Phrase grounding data
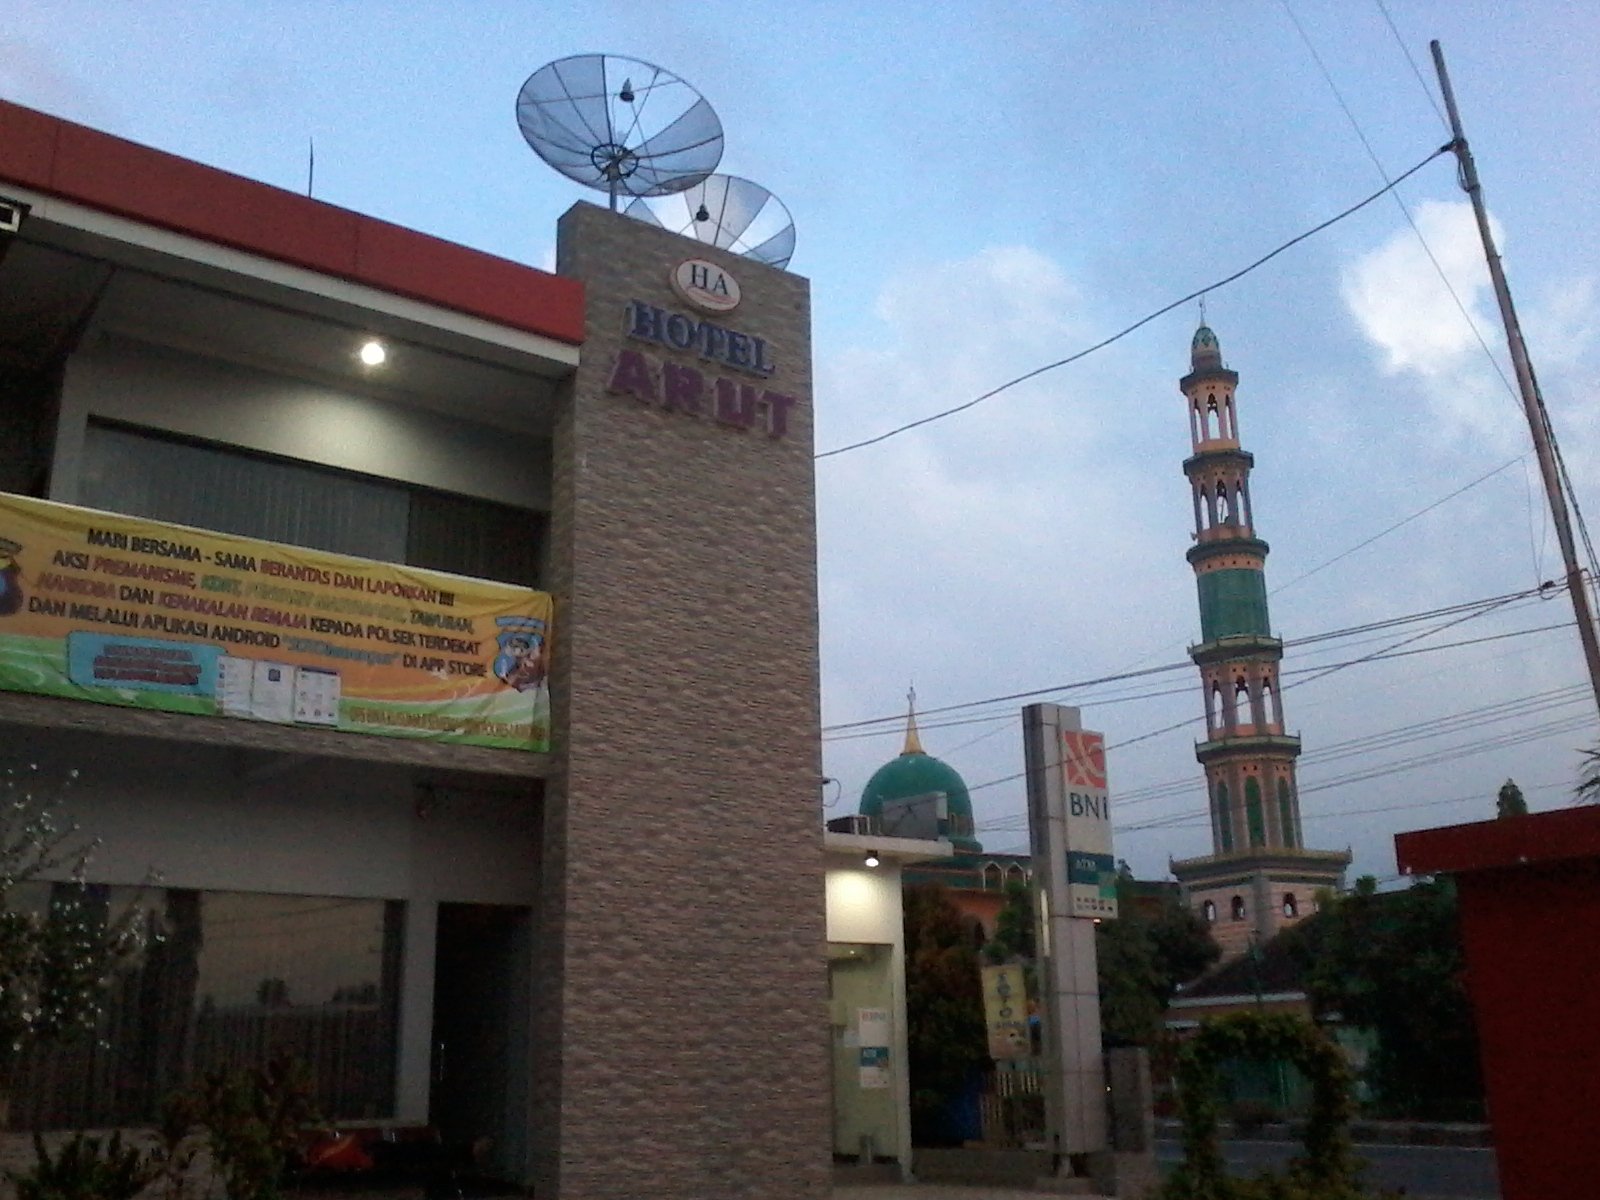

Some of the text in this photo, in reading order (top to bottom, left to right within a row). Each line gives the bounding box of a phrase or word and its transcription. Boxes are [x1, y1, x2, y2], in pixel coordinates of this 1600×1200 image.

[692, 264, 728, 295] HA
[624, 299, 775, 377] HOTEL
[606, 350, 796, 436] ARUT
[53, 550, 89, 570] AKSI
[87, 528, 128, 550] MARI
[131, 537, 202, 562] BERSAMA
[214, 551, 257, 572] SAMA
[260, 559, 331, 585] BERANTAS
[334, 571, 364, 592] DAN
[367, 577, 436, 604] LAPORKAN
[28, 596, 66, 617] DAN
[69, 602, 138, 628] MELALUI
[141, 614, 208, 638] APLIKASI
[211, 625, 280, 648] ANDROID
[403, 654, 415, 668] DI
[419, 657, 446, 673] APP
[119, 585, 154, 605] DAN
[158, 591, 249, 620] KENAKALAN
[310, 617, 363, 639] KEPADA
[367, 625, 416, 648] POLSEK
[419, 635, 482, 656] TERDEKAT
[1070, 793, 1109, 821] BNI

What is being asked — Every record above should be set down exactly, with the pictures left out.

Expected output —
Some of the text in this photo, in reading order (top to bottom, left to right within a row). Each line gives the bounding box of a phrase or word and its transcription. Boxes are [x1, y1, x2, y2], in pixel coordinates of this 1600×1200 image.

[692, 264, 728, 295] HA
[624, 299, 775, 377] HOTEL
[606, 350, 796, 436] ARUT
[53, 550, 89, 570] AKSI
[87, 528, 128, 550] MARI
[131, 537, 202, 562] BERSAMA
[214, 551, 257, 572] SAMA
[260, 559, 331, 585] BERANTAS
[334, 571, 364, 592] DAN
[367, 577, 436, 604] LAPORKAN
[28, 596, 66, 617] DAN
[69, 602, 138, 628] MELALUI
[141, 614, 208, 638] APLIKASI
[211, 625, 280, 648] ANDROID
[403, 654, 415, 668] DI
[419, 657, 446, 673] APP
[119, 585, 154, 605] DAN
[158, 591, 249, 620] KENAKALAN
[310, 617, 363, 639] KEPADA
[367, 625, 416, 648] POLSEK
[419, 635, 482, 656] TERDEKAT
[1070, 793, 1109, 821] BNI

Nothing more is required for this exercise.